Sunday, October 23rd, 2011

As you might gather by the gap in my postings, it has been another busy week with both art and soccer (keep reading for the art part)!  Eli is in the final week or two of both league soccer and school cross country, with the championships for the latter last week, and….DRUM ROLL and MAJOR HOLLERING please…. ELI WON!   Yes, Eli won the Busline Cross Country Championship (Class B) on Tuesday!  Close on his heels (literally) was his best friend Ben, who came in second.  Both Boys and Girls teams won with undefeated season for the second year in a row (ya think Coach Morse is doing a fantastic job or what?!!!).    That was followed on Friday by Eli winning the Winthrop Invitational Cross Country meet, a course with lots of hills–best of all, they were competing against seven or more teams they had never raced, including the Class A Champion Cony Middle School Team AND he did it setting a new course record!  And to everyone (at least from our area) utter delight, both boys and girls won the team championships too!

And they're off! Eli is the arrow on the right, his best friend Ben W. on the left, and a passle of other middle school boys. This photo shows maybe one-third of the runners!

Eli crests the last small hill before heading into the chute and the finish line at the midcoast Maine Busline League Cross Country Championships

Eli WINS, with Ben close behind.... wow!

In August, I came across a bit Jane LaFazio posted on FaceBook about a sketchbook “On Location” class she is teaching online via Joggles.  Very uncharacteristically for me, I signed up on the spur of the moment, and I promise I’ll get caught up on blogposts and share with you the great stuff I did.  THEN she had a new class on Mixed Media Journals starting in October.  I really want to get in to the habit of using journals for my art, so I signed up right away.  Here is part of the first lesson:

The lesson was using water-soluble pen; first you sketch (well, I sure do!) in pencil, then ink, allow the ink to dry, erase the pencil and then "wash" the ink to shade. Here's the outlining.

The pitcher with *complicated* kitchen utensils (that spaghetti scoop was hard!) and my sketchbook. A while back I'd heard that drawing eggs is good practice in seeing shadows, so what is why the eggs on the spoon rest.

The two sketches. I've finished the page but haven't taken a picture (get with it Sarah!), so will do that later. Anyway, I'm reasonably pleased.

Now we’re off to the soccer league playoffs for all of Sunday, then more cross country and soccer next weekend and the following one….

My free-motion quilting (FMQ) lessons at Janome.com!

Saturday, October 15th, 2011

Hi all!  For nearly 8 years now (whoosh…the sound of time whizzing by!) I have been privileged to work with Janome-America and use one of their fantabulous machines for my work, starting with the 6500, moving to the 6600, and now the delectable 7700.  Starting yesterday, they are featuring three blog lessons from me on machine quilting on the Janome-America website!

The beautiful ruby Horizon 7700 (mine is named Rubeus Hagrid, after the friendly half-giant in the Harry Potter series) with a project from my book.
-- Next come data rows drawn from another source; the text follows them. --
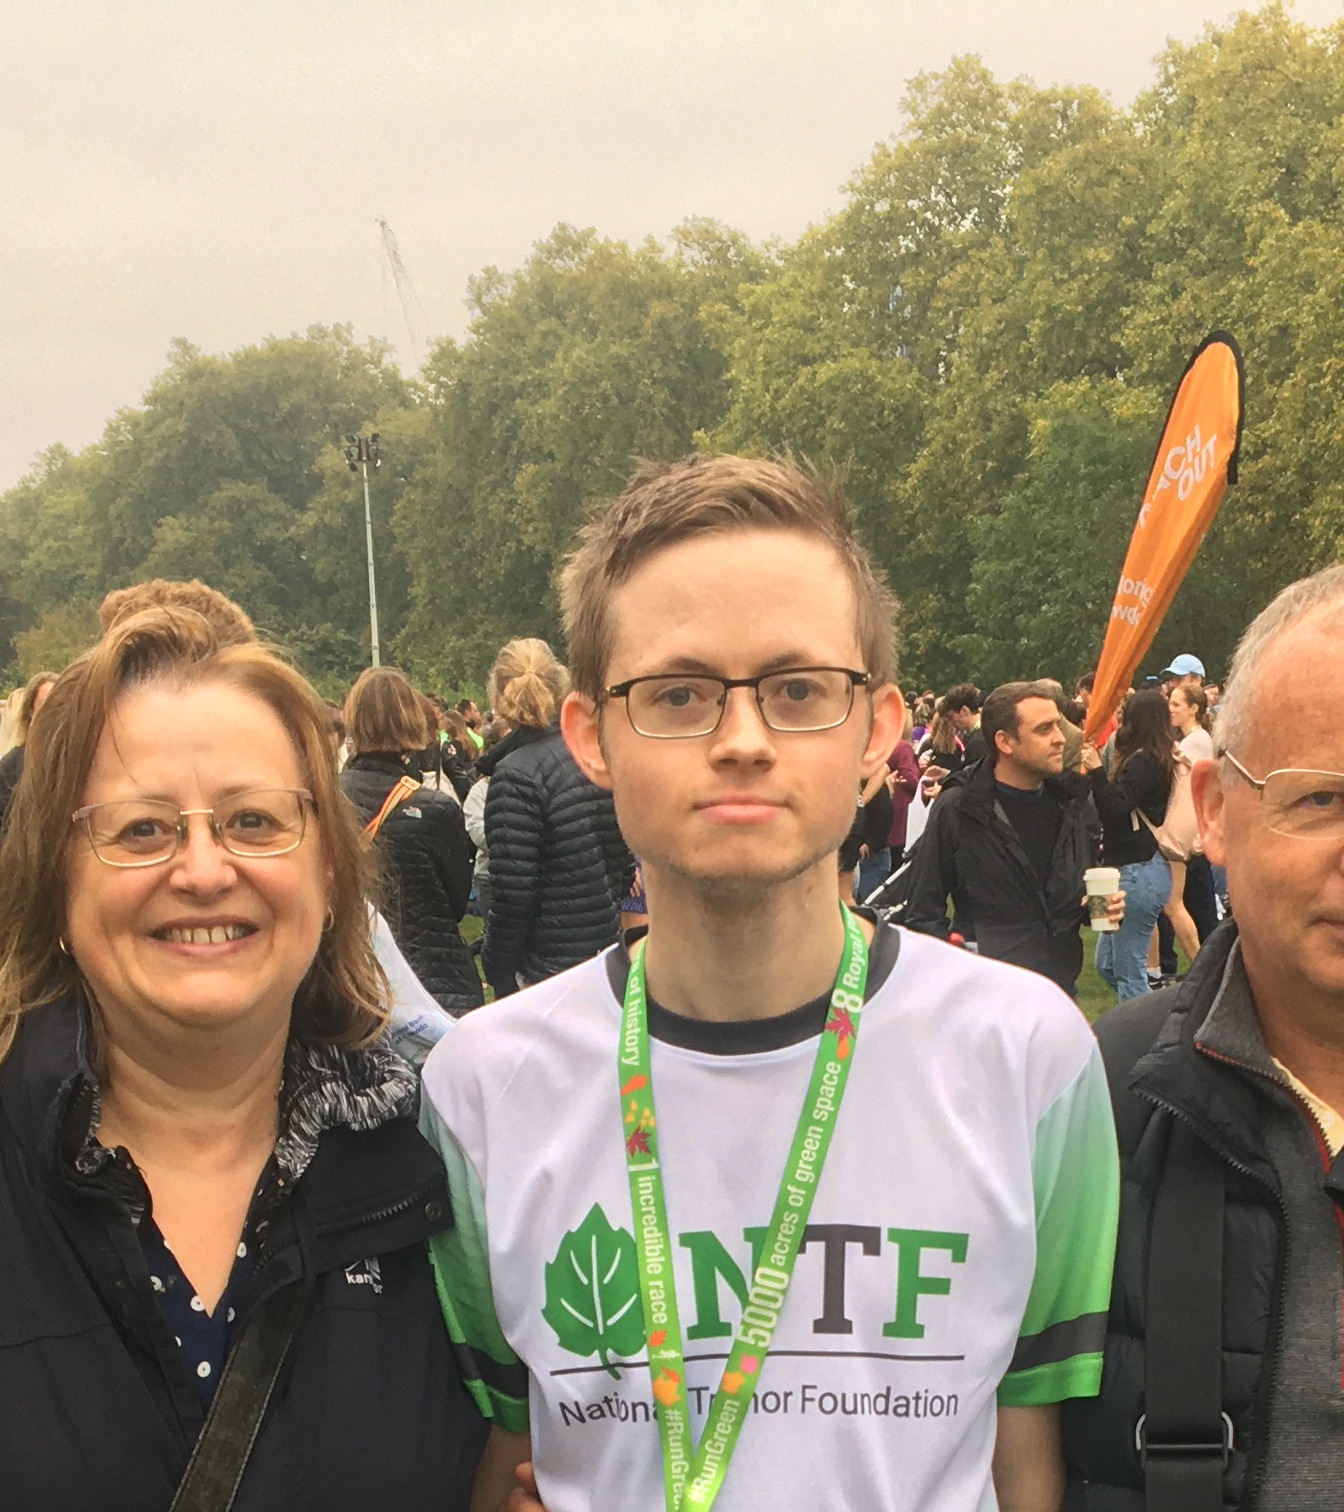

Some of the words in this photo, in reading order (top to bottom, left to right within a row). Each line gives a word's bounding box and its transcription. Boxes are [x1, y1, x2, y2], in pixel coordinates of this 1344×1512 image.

[1176, 433, 1218, 501] OUT
[842, 932, 866, 989] Royal
[831, 988, 864, 1013] 8
[621, 998, 643, 1066] history
[813, 1061, 842, 1122] space
[628, 1158, 659, 1172] 1
[795, 1125, 824, 1184] green
[638, 1176, 666, 1275] incredible
[787, 1185, 806, 1208] of
[770, 1211, 799, 1267] acres
[648, 1280, 668, 1324] race
[678, 1224, 969, 1341] NTF
[736, 1267, 790, 1349] 5000
[800, 1384, 959, 1418] Foundation
[688, 1399, 740, 1504] #RunGreen
I used the First Frost pattern/instructions to make this gift for the host family in Australia when my son visited there this summer with a group of middle schoolers from central and upper Maine.

Go here to the Janome-America home page and follow the links (scroll down if you need to reach the October 14th post) to your free FMQ lesson number one.  Here’s a link directly to the lesson.  And here’s a link to the Horizon 7700, the machine I currently use and love!
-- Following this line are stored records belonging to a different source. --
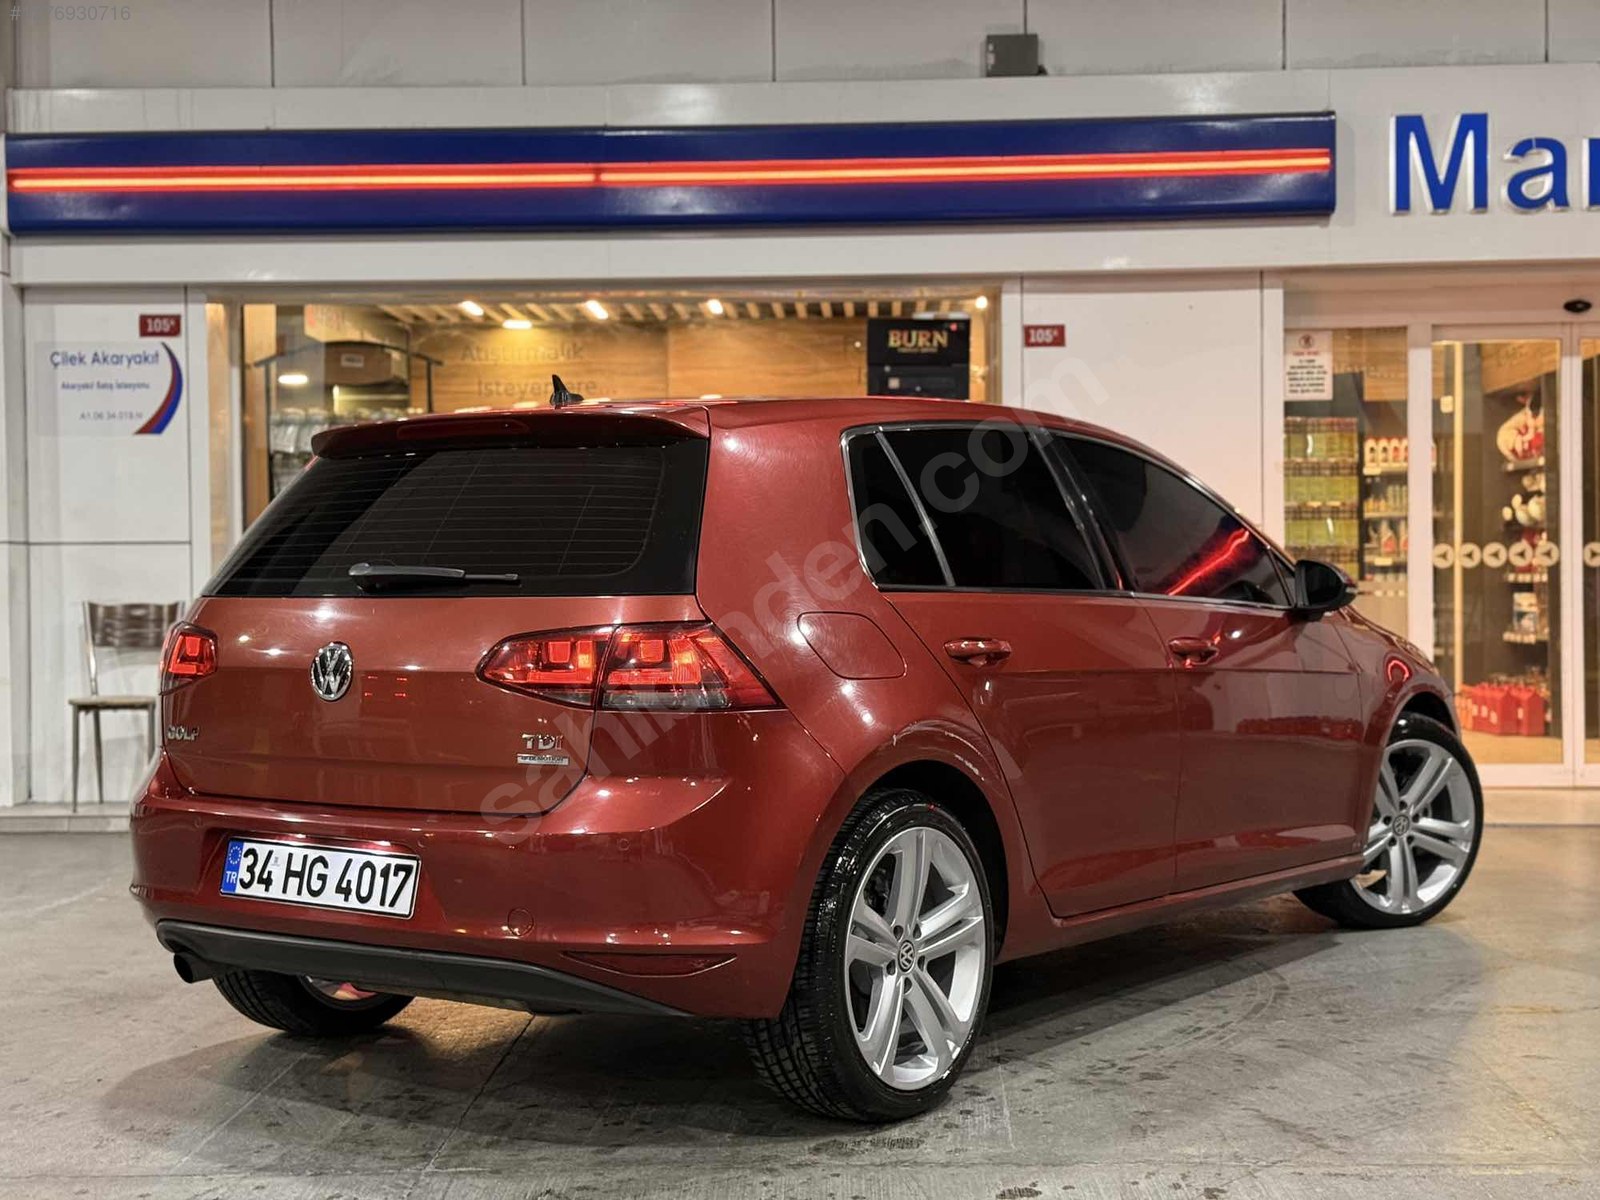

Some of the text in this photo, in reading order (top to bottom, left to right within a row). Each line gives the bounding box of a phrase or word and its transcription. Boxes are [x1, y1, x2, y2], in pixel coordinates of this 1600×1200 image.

[887, 328, 948, 348] BURN
[50, 351, 87, 370] Çilek
[521, 733, 563, 750] TDI
[225, 871, 237, 884] TR
[239, 848, 414, 908] 34 HG 4017
I’m so happy to be able to share this information with you and through Janome.  They have been wonderful supporters, including me in the program before my first article or quilt was published.  I have done so much in the past 8 years that they have sponsored me, that it is hard to fathom–from complete unknown to exhibiting for the first time at Houston to being published in a magazine, then a series of articles for Machine Quilting Unlimited, to articles in Quilting Arts, to teaching in national venues like IQA Houston, AQS Paducah and Knoxville, NQA in Ohio, and guilds across the nation, writing my first (but I hope not last) book, and even winning an award in Houston.  It is sometimes hard to believe this has all happened to me.  And I am so thankful to Janome for their support and their machines, which have helped me do all of this.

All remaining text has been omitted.